Task to carry out:
Exact copy without images: repeat every entry as written.

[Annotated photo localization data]
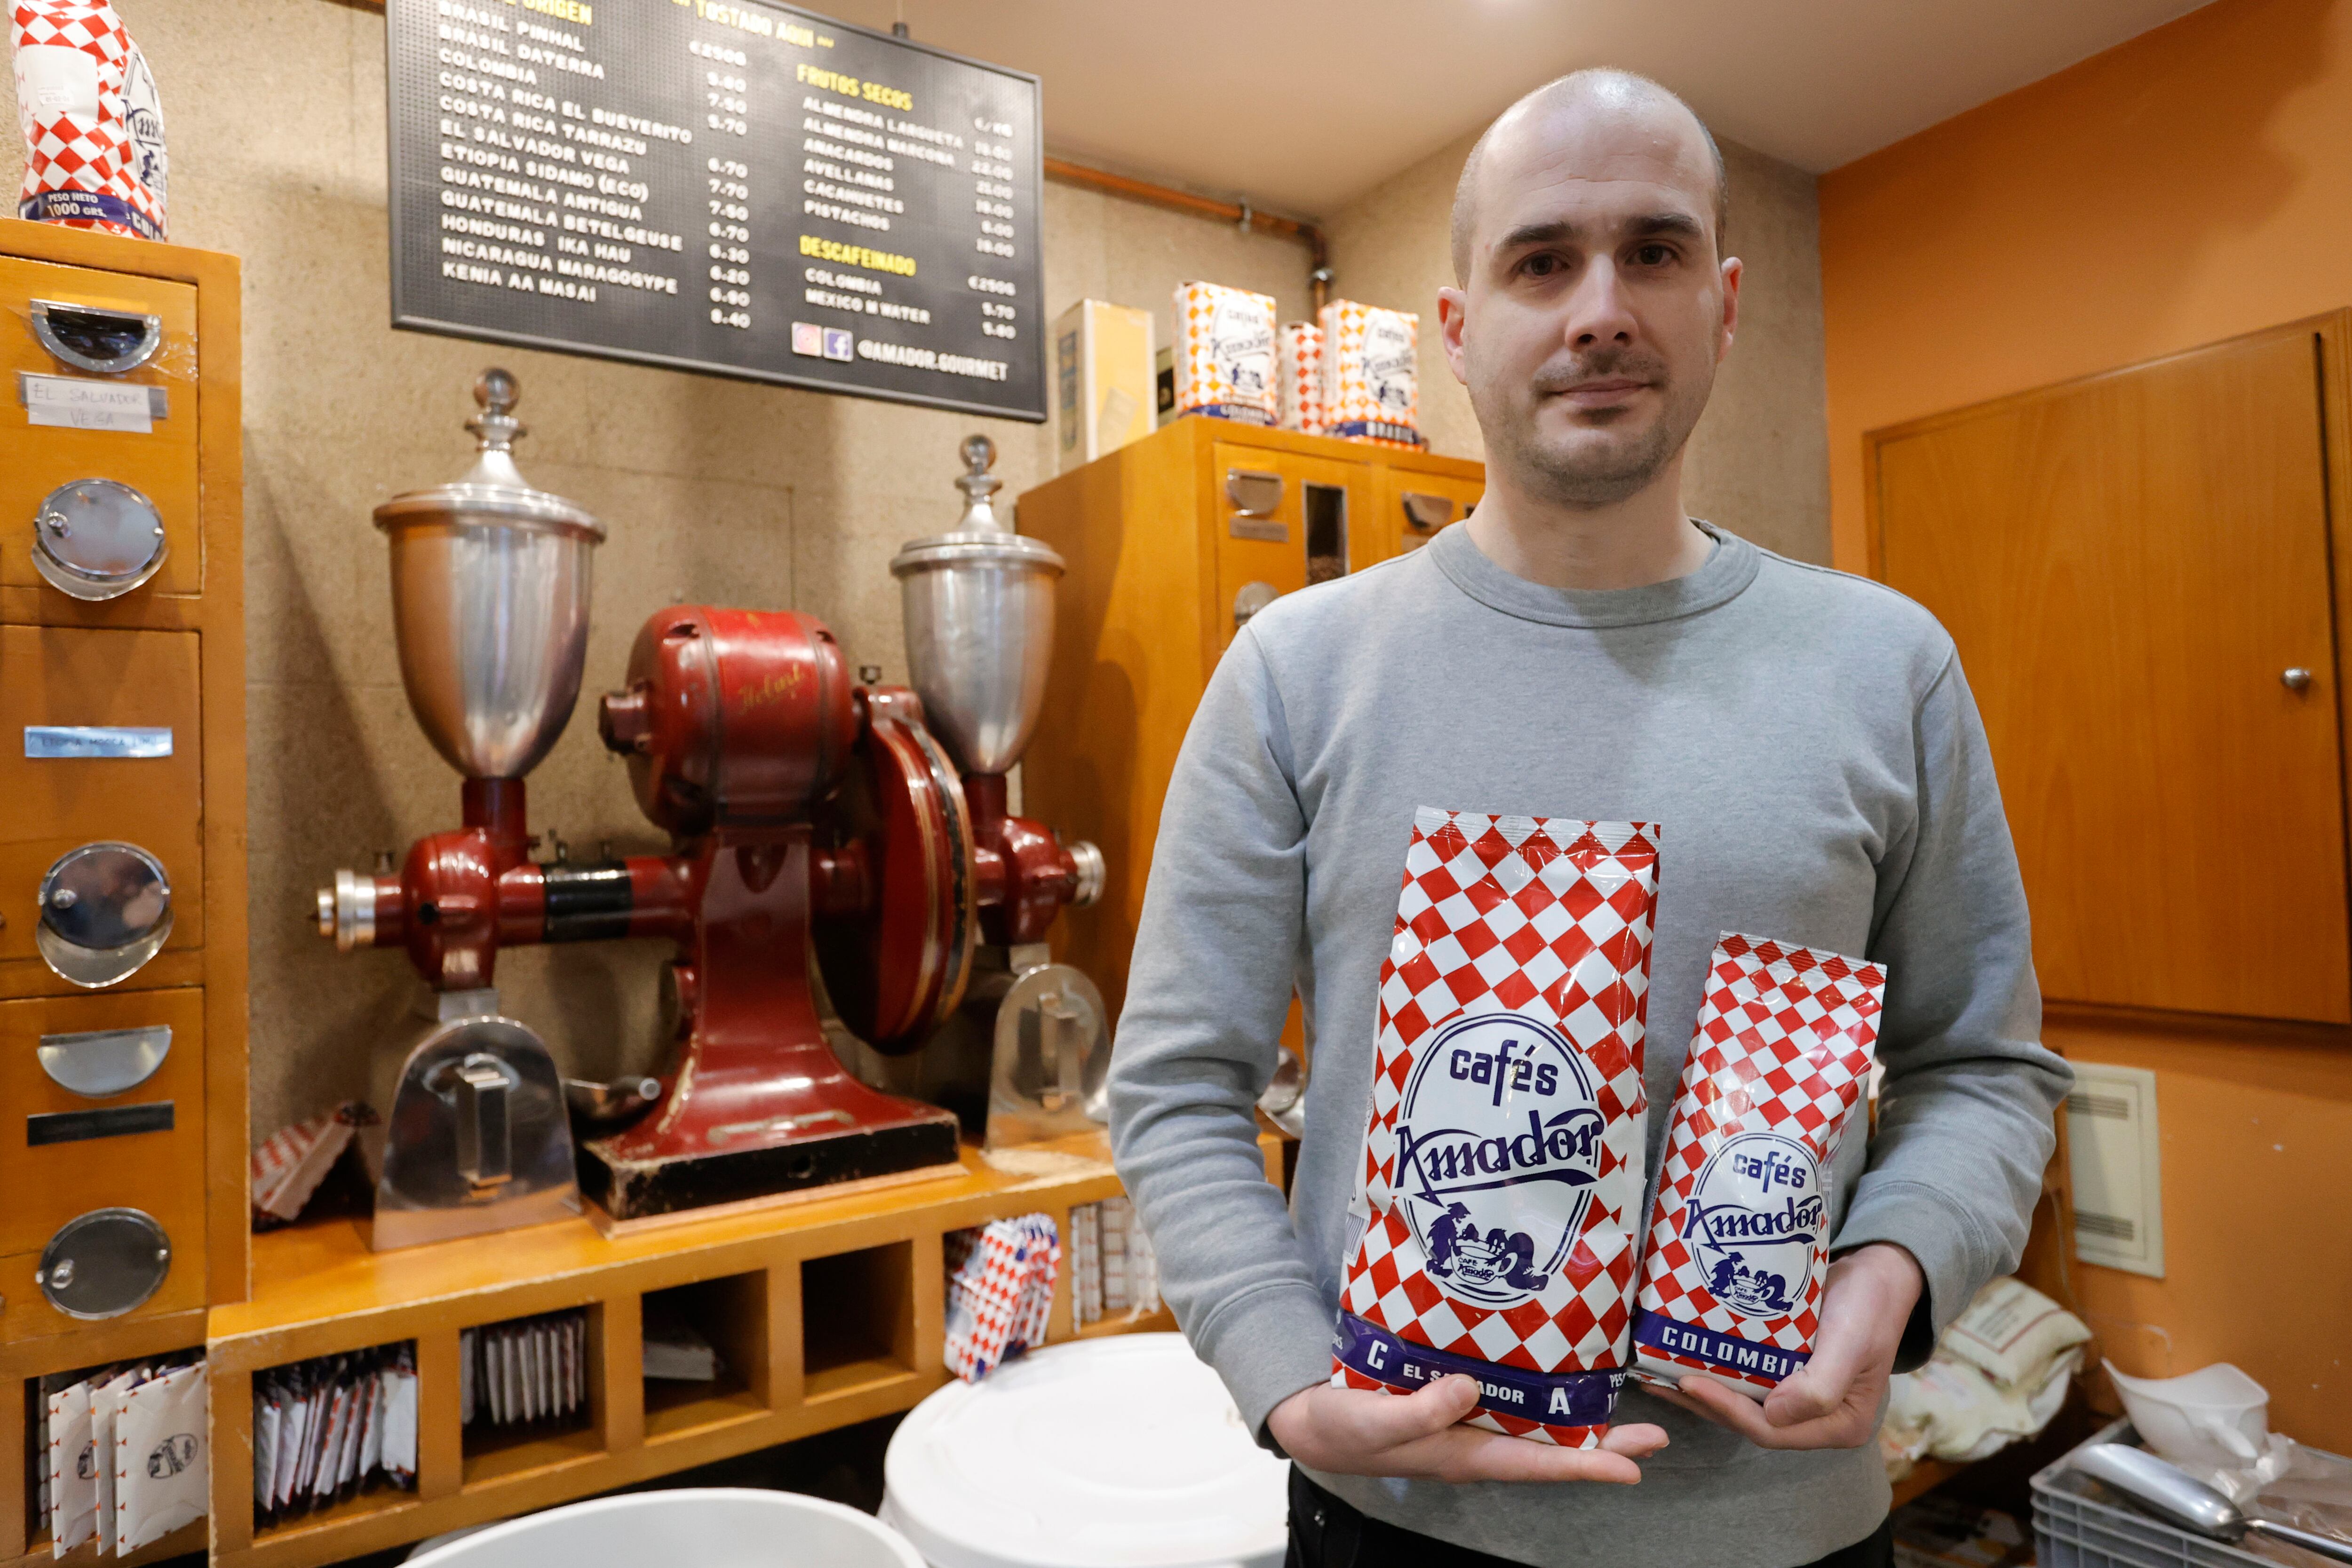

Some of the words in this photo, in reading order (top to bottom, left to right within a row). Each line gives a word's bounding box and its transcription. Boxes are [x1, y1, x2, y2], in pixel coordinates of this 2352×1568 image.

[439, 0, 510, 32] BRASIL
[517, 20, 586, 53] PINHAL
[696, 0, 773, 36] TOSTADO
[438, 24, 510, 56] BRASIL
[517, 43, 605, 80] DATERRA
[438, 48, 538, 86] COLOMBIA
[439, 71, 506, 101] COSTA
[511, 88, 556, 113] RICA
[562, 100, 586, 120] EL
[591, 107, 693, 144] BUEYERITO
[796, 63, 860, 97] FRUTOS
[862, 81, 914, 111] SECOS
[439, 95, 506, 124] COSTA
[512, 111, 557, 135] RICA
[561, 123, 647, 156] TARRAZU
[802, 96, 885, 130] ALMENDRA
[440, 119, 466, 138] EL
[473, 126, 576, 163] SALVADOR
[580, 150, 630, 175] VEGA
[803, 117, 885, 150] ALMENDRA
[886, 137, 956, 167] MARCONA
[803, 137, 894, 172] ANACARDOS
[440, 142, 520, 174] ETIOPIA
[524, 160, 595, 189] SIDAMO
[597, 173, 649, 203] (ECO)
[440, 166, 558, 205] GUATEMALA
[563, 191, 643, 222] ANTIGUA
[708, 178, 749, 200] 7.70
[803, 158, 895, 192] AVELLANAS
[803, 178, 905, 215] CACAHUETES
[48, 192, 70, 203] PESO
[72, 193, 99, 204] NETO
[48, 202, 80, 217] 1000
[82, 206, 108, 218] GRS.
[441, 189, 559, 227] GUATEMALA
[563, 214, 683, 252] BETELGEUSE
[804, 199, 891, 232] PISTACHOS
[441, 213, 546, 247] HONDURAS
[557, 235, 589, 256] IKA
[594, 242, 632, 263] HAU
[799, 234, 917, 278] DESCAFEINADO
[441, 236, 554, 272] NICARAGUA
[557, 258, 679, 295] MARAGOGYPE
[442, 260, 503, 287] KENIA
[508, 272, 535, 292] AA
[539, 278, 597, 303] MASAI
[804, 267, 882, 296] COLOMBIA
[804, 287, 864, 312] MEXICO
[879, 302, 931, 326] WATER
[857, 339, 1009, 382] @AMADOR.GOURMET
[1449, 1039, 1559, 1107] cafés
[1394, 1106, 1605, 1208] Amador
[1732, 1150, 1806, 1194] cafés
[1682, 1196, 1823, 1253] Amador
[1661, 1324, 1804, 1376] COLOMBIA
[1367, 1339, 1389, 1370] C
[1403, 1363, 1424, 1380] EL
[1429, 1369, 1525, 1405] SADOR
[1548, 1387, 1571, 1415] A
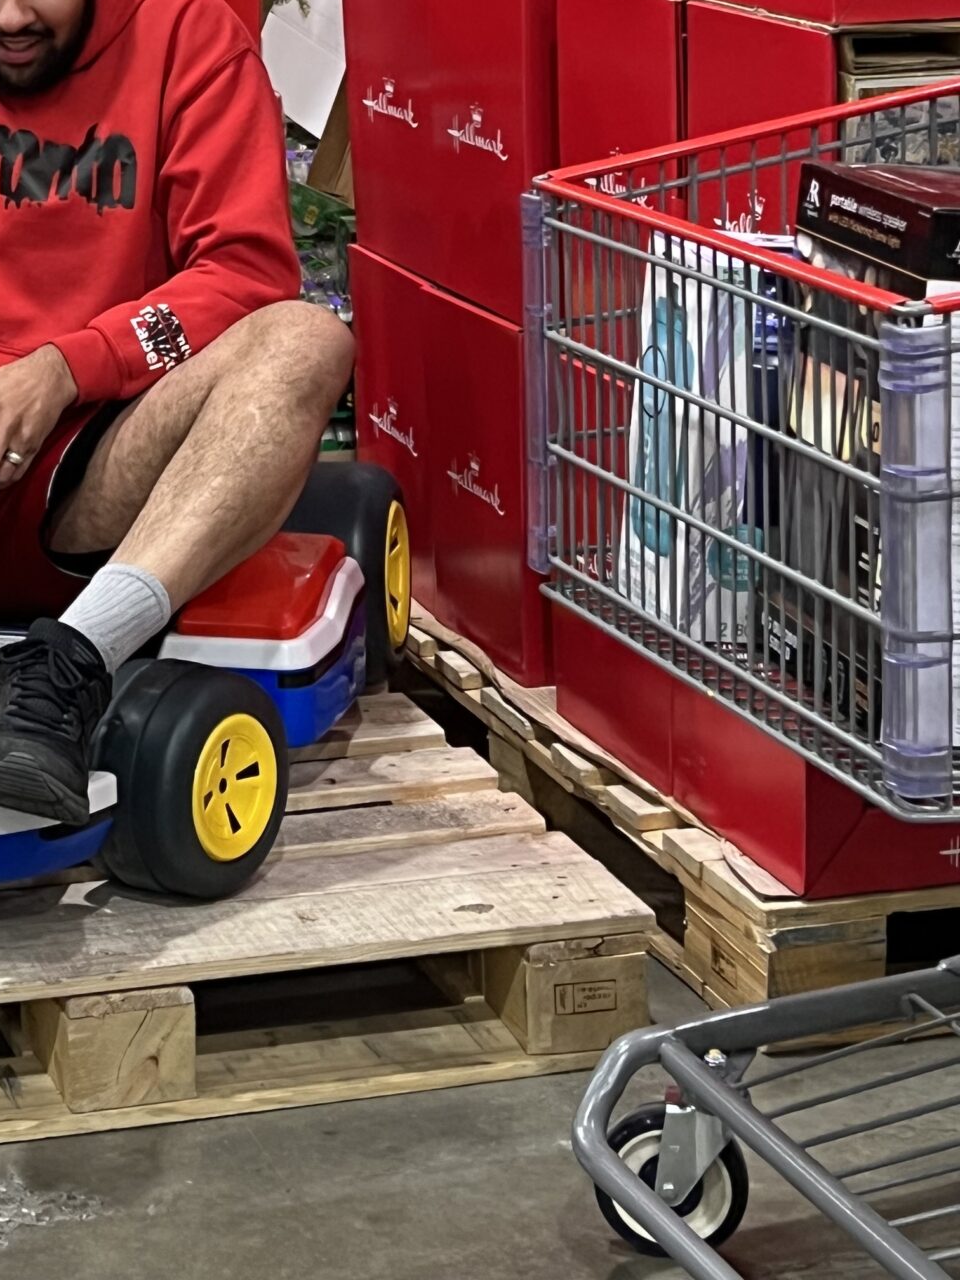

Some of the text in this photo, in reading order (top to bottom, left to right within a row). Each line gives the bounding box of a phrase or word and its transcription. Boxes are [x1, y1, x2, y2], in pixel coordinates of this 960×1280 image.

Exercise solution:
Some of the words in this photo, in reading order (top to bottom, left to right within a row). Each line gives a word's bounding box and its transcription. Boxes are [x1, y1, x2, y2], in pixel coordinates of this 2352×1568 image.

[439, 0, 510, 32] BRASIL
[517, 20, 586, 53] PINHAL
[696, 0, 773, 36] TOSTADO
[438, 24, 510, 56] BRASIL
[517, 43, 605, 80] DATERRA
[438, 48, 538, 86] COLOMBIA
[439, 71, 506, 101] COSTA
[511, 88, 556, 113] RICA
[562, 100, 586, 120] EL
[591, 107, 693, 144] BUEYERITO
[796, 63, 860, 97] FRUTOS
[862, 81, 914, 111] SECOS
[439, 95, 506, 124] COSTA
[512, 111, 557, 135] RICA
[561, 123, 647, 156] TARRAZU
[802, 96, 885, 130] ALMENDRA
[440, 119, 466, 138] EL
[473, 126, 576, 163] SALVADOR
[580, 150, 630, 175] VEGA
[803, 117, 885, 150] ALMENDRA
[886, 137, 956, 167] MARCONA
[803, 137, 894, 172] ANACARDOS
[440, 142, 520, 174] ETIOPIA
[524, 160, 595, 189] SIDAMO
[597, 173, 649, 203] (ECO)
[440, 166, 558, 205] GUATEMALA
[563, 191, 643, 222] ANTIGUA
[708, 178, 749, 200] 7.70
[803, 158, 895, 192] AVELLANAS
[803, 178, 905, 215] CACAHUETES
[48, 192, 70, 203] PESO
[72, 193, 99, 204] NETO
[48, 202, 80, 217] 1000
[82, 206, 108, 218] GRS.
[441, 189, 559, 227] GUATEMALA
[563, 214, 683, 252] BETELGEUSE
[804, 199, 891, 232] PISTACHOS
[441, 213, 546, 247] HONDURAS
[557, 235, 589, 256] IKA
[594, 242, 632, 263] HAU
[799, 234, 917, 278] DESCAFEINADO
[441, 236, 554, 272] NICARAGUA
[557, 258, 679, 295] MARAGOGYPE
[442, 260, 503, 287] KENIA
[508, 272, 535, 292] AA
[539, 278, 597, 303] MASAI
[804, 267, 882, 296] COLOMBIA
[804, 287, 864, 312] MEXICO
[879, 302, 931, 326] WATER
[857, 339, 1009, 382] @AMADOR.GOURMET
[1449, 1039, 1559, 1107] cafés
[1394, 1106, 1605, 1208] Amador
[1732, 1150, 1806, 1194] cafés
[1682, 1196, 1823, 1253] Amador
[1661, 1324, 1804, 1376] COLOMBIA
[1367, 1339, 1389, 1370] C
[1403, 1363, 1424, 1380] EL
[1429, 1369, 1525, 1405] SADOR
[1548, 1387, 1571, 1415] A

Some of the text in this photo, in reading order (top to bottom, left to right within a row). Each line gives the bounding box of a phrase or word and its transcription. Boxes are [x1, y1, x2, y2], in pixel coordinates of this 960×1280 image.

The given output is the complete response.